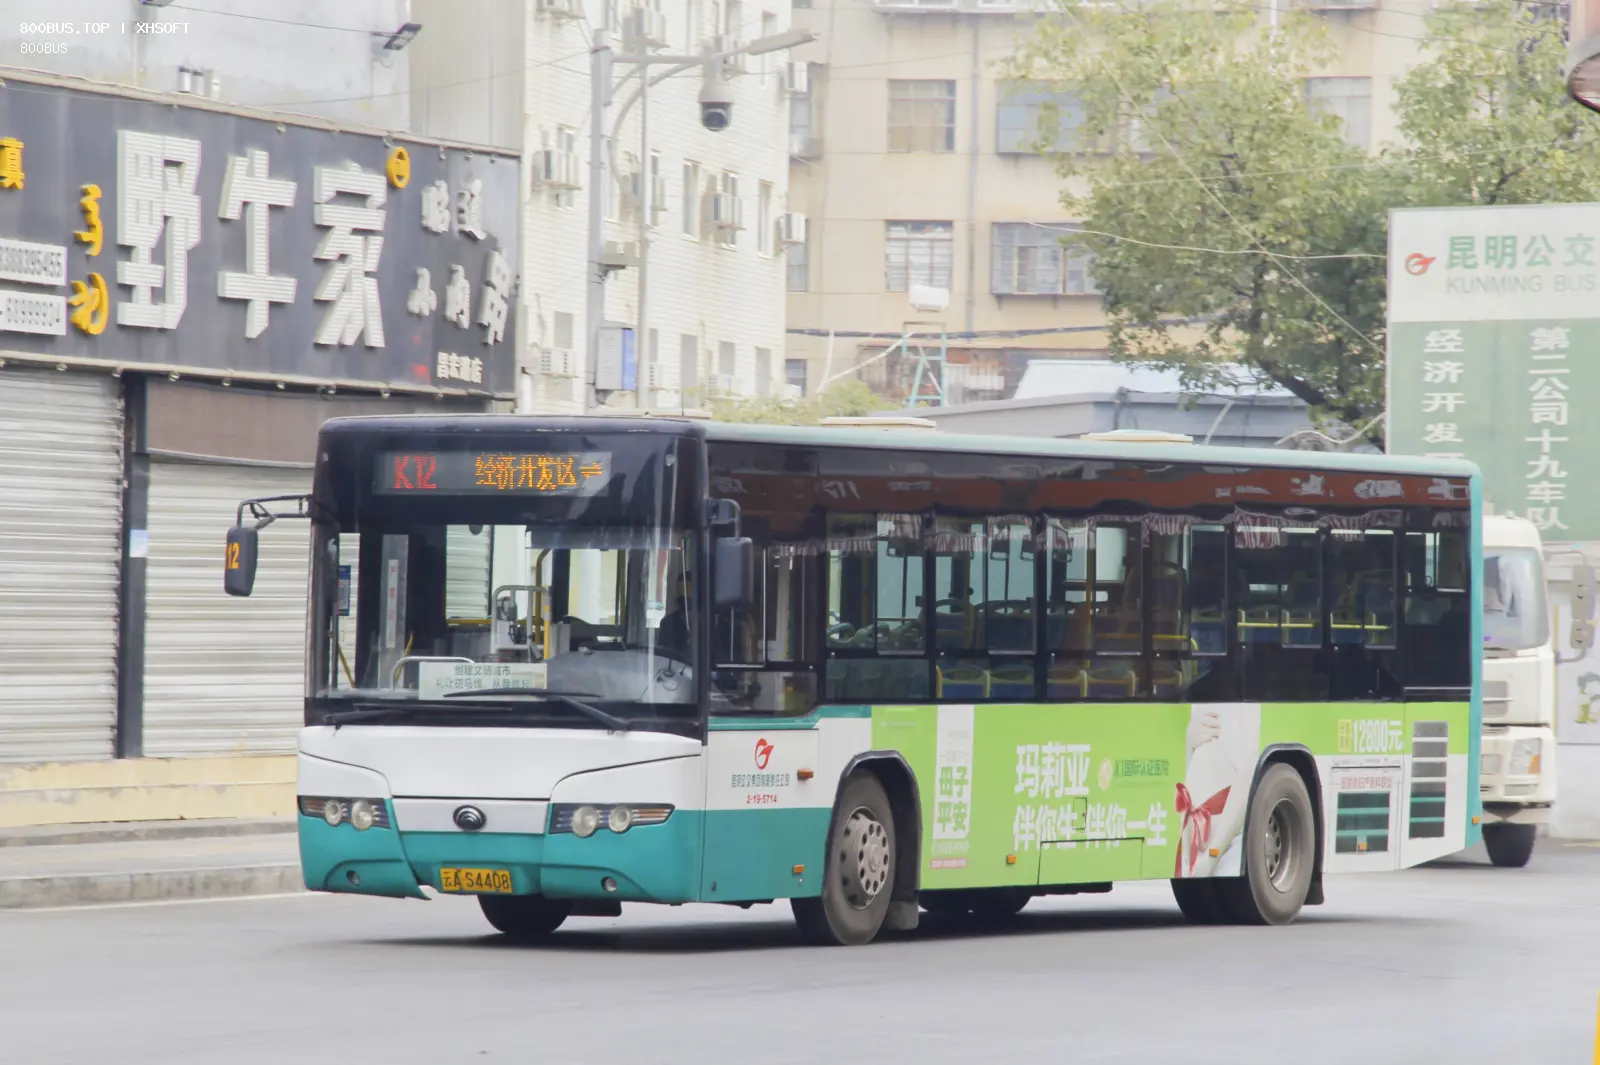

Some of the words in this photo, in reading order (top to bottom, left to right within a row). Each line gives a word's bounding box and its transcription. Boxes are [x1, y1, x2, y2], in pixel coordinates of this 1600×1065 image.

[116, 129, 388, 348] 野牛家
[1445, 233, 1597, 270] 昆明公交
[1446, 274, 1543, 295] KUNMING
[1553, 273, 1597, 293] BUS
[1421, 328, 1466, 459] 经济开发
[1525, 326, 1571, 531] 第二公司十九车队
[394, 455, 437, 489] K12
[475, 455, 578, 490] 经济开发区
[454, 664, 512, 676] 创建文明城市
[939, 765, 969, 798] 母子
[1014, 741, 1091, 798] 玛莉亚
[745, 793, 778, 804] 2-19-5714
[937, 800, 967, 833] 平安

============

→ Work order
Once the pictures are set aside, give every line above again without alteration.

→ Result of this exercise
Some of the words in this photo, in reading order (top to bottom, left to right within a row). Each line gives a word's bounding box and its transcription. Boxes are [x1, y1, x2, y2], in pixel coordinates of this 1600×1065 image.

[116, 129, 388, 348] 野牛家
[1445, 233, 1597, 270] 昆明公交
[1446, 274, 1543, 295] KUNMING
[1553, 273, 1597, 293] BUS
[1421, 328, 1466, 459] 经济开发
[1525, 326, 1571, 531] 第二公司十九车队
[394, 455, 437, 489] K12
[475, 455, 578, 490] 经济开发区
[454, 664, 512, 676] 创建文明城市
[939, 765, 969, 798] 母子
[1014, 741, 1091, 798] 玛莉亚
[745, 793, 778, 804] 2-19-5714
[937, 800, 967, 833] 平安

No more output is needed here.